Health Facility Verification
Nearly all programs (91%, n=29) verified quality scores quarterly (every 3 months); the remaining 3 verified the scores biannually (Table 3). Verifiers were commonly regional government management teams, i.e., provincial, district, or health zone teams. In approximately half (8 of 15) of the programs with PBF programs at the tertiary and secondary level, the hospitals were verified using a peer-to-peer technique, in which a team of providers from one hospital verified another nearby hospital. The team composition and sampling of hospitals differed by program. All programs with complete information (n=23) included some type of counter verification, usually by an independent third party.

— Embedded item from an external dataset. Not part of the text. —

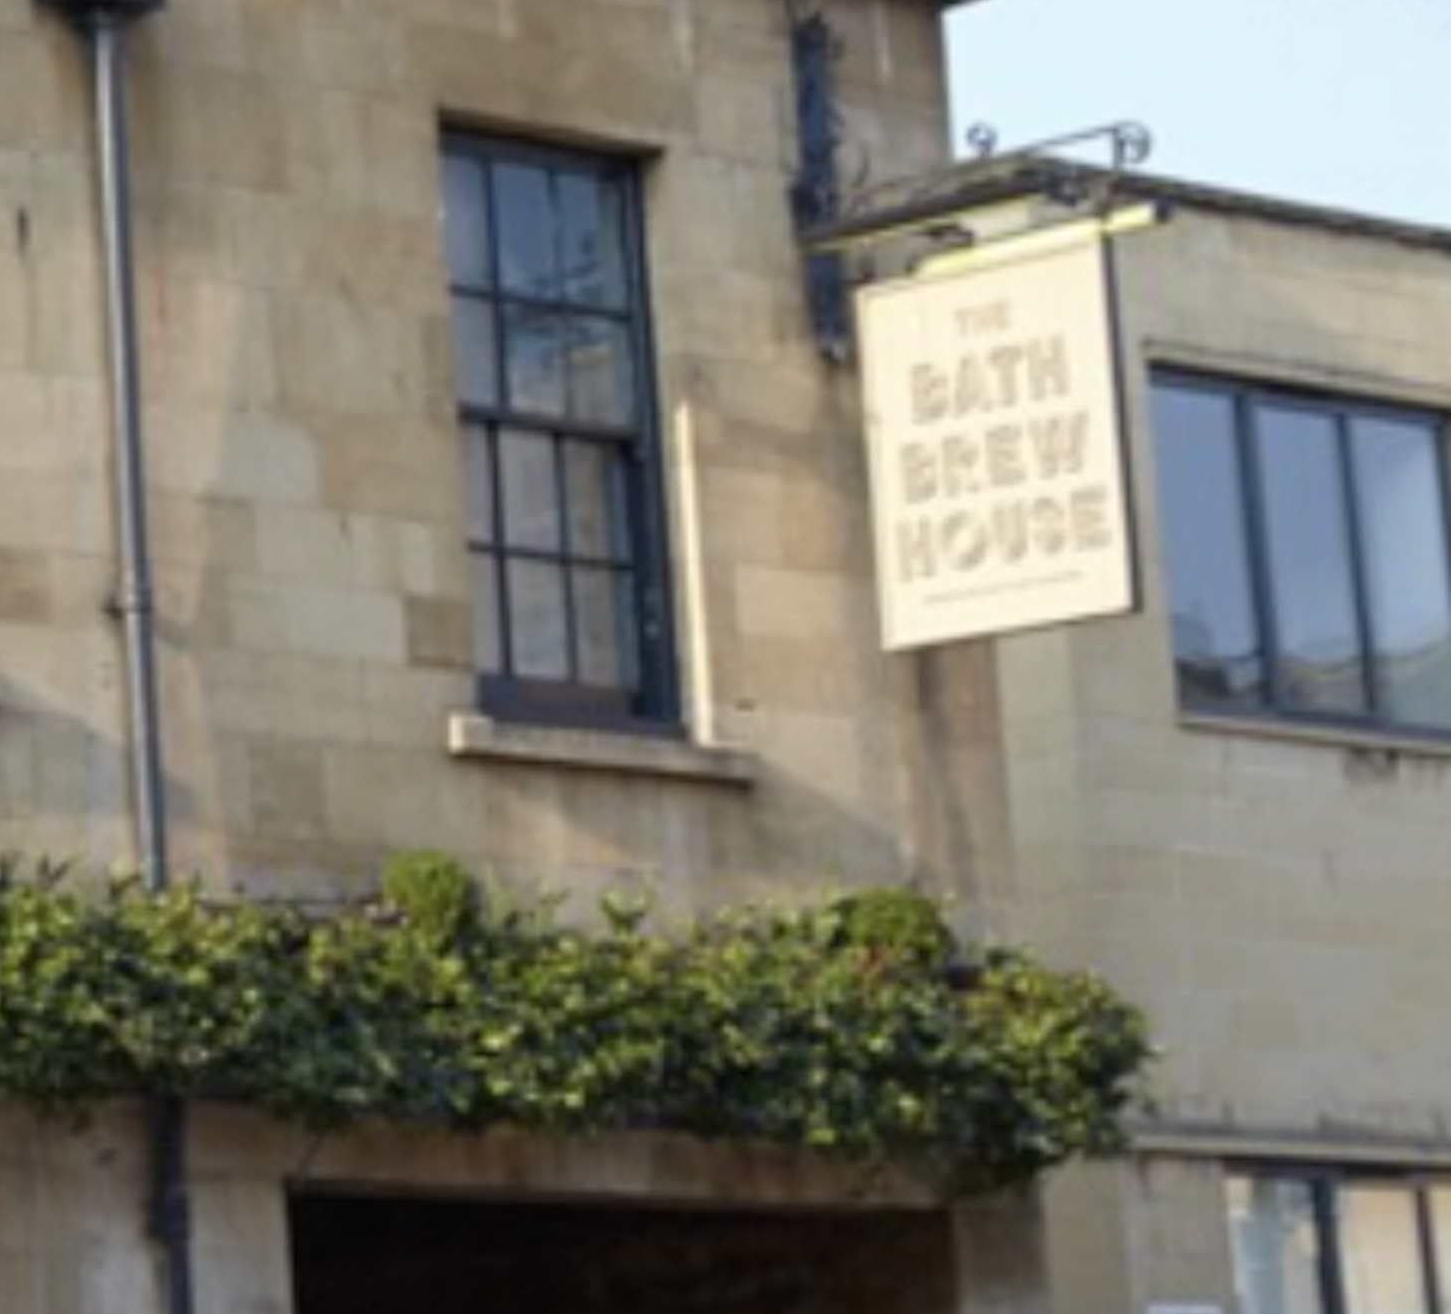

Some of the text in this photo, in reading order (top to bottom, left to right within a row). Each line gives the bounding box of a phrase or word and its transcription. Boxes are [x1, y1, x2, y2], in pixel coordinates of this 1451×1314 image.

Nearly all PBF programs verified quality scores on a quarterly basis, usually by regional government management teams.
Means of Assessment
The means of assessment for quality indicators varied widely among PBF programs and between health facility levels (Table 3). On average, 78% of the indicators collected were measured via checklists (6,656 of 8,490) and largely (over 90%) measured structural aspects including equipment, beds, and infrastructure. Record and register reviews each accounted for 9%, which, given the settings of these programs, required the verifier to page through multiple register books or paper-based patient records. The other assessment mechanisms included direct observation (3%) and surveys, staff interviews, and exit interviews (each <1%).
The quality indicators largely measured structural aspects such as equipment and infrastructure.
Health Service Types
Figure 2 and Figure 3 show the percentage of indicators, in the most recent checklists, that measure specific types of health services; Figure 2 focuses on primary health facilities and Figure 3 on secondary and tertiary facilities. General trends were similar for primary and secondary/tertiary health facilities. Checklists emphasized maternal care and facility management, followed by newborn and child care and facility equipment.
Most of the quality checklist indicators emphasized maternal care and facility management.
On average, maternal, newborn, and child care indicators accounted for 34% of the weight of checklist points (of maximum number of points per checklist), varying between 37% for primary facilities and 28% for secondary/tertiary facilities. There was a 15% increase in the weight of points of inpatient and outpatient services from the primary facility level to the secondary/tertiary level. The increase was predominantly for structural attributes for inpatient services, such as surgical equipment and supplies.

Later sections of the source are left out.